Monday, August 2, 2010

ChungKing Express


Is Chungking Express, a 1994 award-winning production of Wong Kar Wai, an expressed story of ChungKing Mansion in HK?


This is also my driving question in watching this movie. Well, the answer is yes and no. ChungKing Mansion appears in the beginning of the film, embodied with intensional shaky shots with the embarrassed-looking Indies and Pakistanis, but the building is not the focus. What, then, is the focus? If you have any previous experiences with Wong Ka Wai's movies, you know this is not an easy question.

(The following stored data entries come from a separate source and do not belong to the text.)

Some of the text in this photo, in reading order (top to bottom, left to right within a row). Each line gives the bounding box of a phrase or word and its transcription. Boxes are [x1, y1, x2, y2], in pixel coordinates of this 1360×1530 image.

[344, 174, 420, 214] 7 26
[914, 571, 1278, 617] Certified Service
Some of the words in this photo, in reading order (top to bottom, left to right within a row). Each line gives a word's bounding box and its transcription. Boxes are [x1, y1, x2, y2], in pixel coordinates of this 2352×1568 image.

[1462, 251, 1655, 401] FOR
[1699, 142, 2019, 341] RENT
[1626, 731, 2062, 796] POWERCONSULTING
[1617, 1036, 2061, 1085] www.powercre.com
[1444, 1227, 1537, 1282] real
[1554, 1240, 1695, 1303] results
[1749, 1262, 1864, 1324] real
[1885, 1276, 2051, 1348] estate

It is a movie about the inevitable expiration of consumer products with expiring dates inscribed on the canned fruits; it is a movie about the predictable loneliness to spend your birthday at a definite time in the future. Yet it also a movie about the unexpected encounters with strangers at the crisscross intersections everywhere in a metropolitan city; it is also about the unpredicted gain and loss with human emotions and connections. In a city where relationships and romances are popularized and randomized by technology and material exchange, true love is not expedited; rather spurning is assisted by cell phones and beepers. Happiness is still obscured by opaque happenstances whereas sadness and despair are enhanced by precise calendars, reminding us the mechanical progression of time and the symbolized inevitable loneliness incurred on us.

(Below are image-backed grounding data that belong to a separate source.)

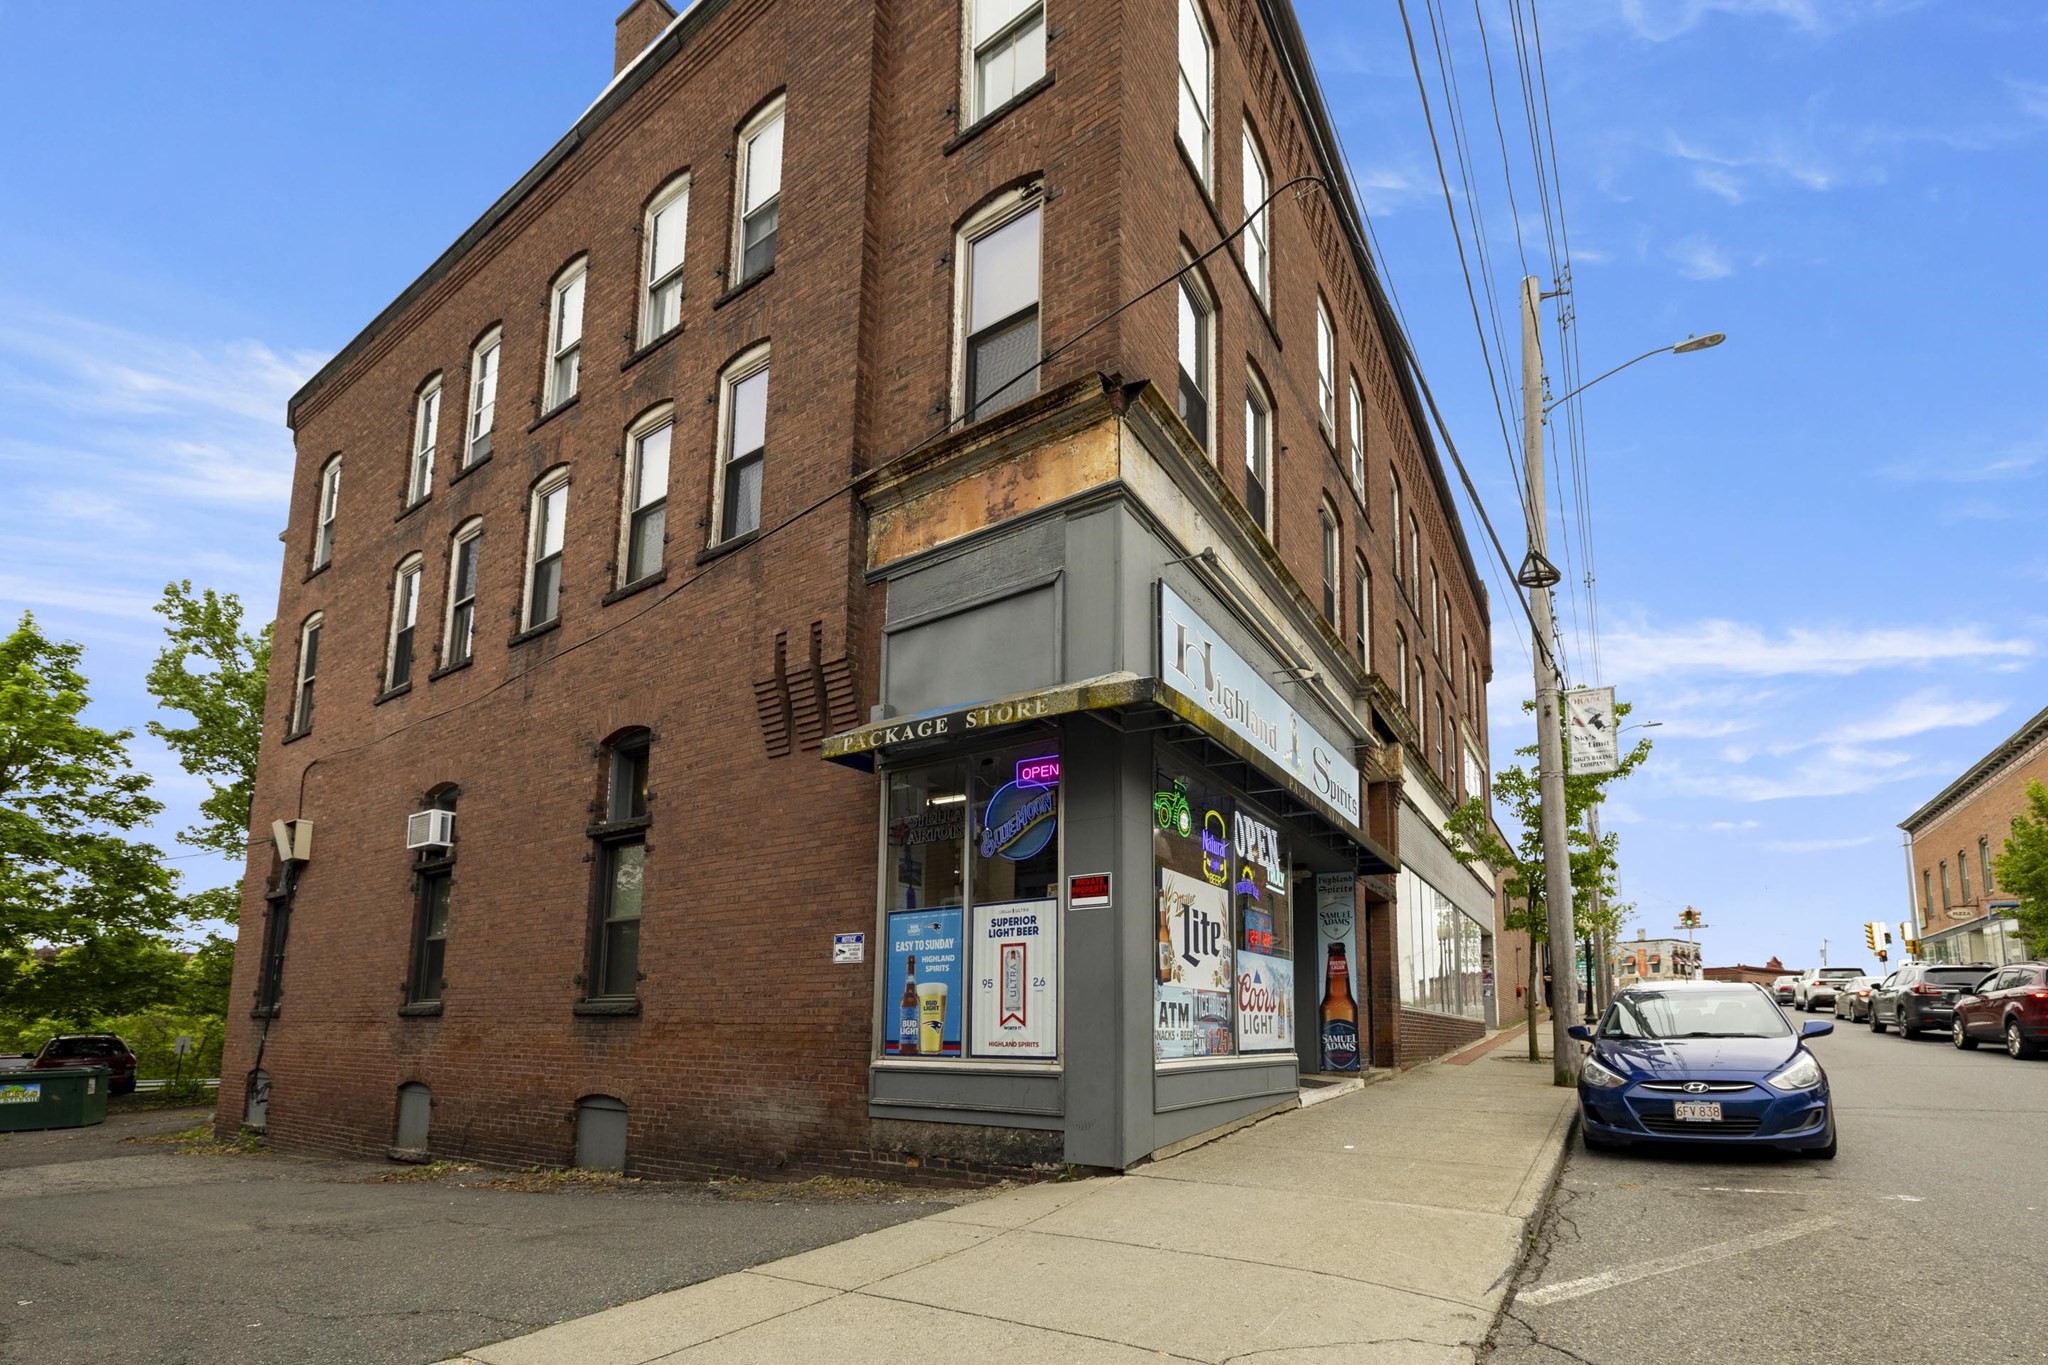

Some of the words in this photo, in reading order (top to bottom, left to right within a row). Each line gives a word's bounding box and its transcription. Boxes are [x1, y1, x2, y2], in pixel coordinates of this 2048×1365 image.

[1168, 611, 1278, 753] Highland
[1312, 745, 1359, 817] Spirits
[842, 717, 949, 752] PACKAGE
[965, 697, 1050, 729] STORE
[1022, 763, 1059, 780] OPEN
[906, 823, 965, 845] ARTOIS
[1202, 828, 1226, 859] Natural
[1234, 810, 1280, 871] OPEN
[1075, 877, 1105, 886] PRIVATE
[1071, 885, 1108, 894] PROPERTY
[1318, 885, 1353, 895] Spirits
[1319, 910, 1353, 920] SAMUEL
[991, 915, 1037, 928] SUPERIOR
[1322, 919, 1351, 927] ADAMS
[988, 928, 1015, 939] LIGHT
[1016, 926, 1039, 936] BEER
[1182, 903, 1221, 967] Lite
[895, 941, 913, 952] EASY
[915, 940, 924, 950] TO
[925, 938, 955, 950] SUNDAY
[921, 955, 956, 963] HIGHLAND
[925, 964, 950, 973] SPIRITS
[981, 978, 994, 989] 95
[1009, 963, 1017, 998] ULTRA
[1032, 976, 1046, 987] 2.6
[1237, 973, 1277, 1013] Coors
[1158, 1001, 1190, 1029] ATM
[902, 1020, 917, 1028] BUD
[1243, 1014, 1273, 1035] LIGHT
[900, 1027, 919, 1035] LIGHT
[1181, 1030, 1193, 1041] BEER
[1321, 1034, 1358, 1044] SAMUEL
[1324, 1042, 1356, 1052] ADAMS
[1677, 1106, 1696, 1117] 6FV
[1699, 1106, 1720, 1117] 838

If there is anything that keeps us alive in a self-destructive city, it is the indefatigable search and hope in finding truth and eternity. Keep on believing, as Angela Aki beautifully utters. Tony Leung finally met Faye Wong, a year after waiting for Wong's unplanned return from an adventure in California. Was this within his expectation? Probably not within the capacity of logical calculation, but an act of faith in yourself and in the eventual kindness of life.

Now, this is what ChungKing Express is about.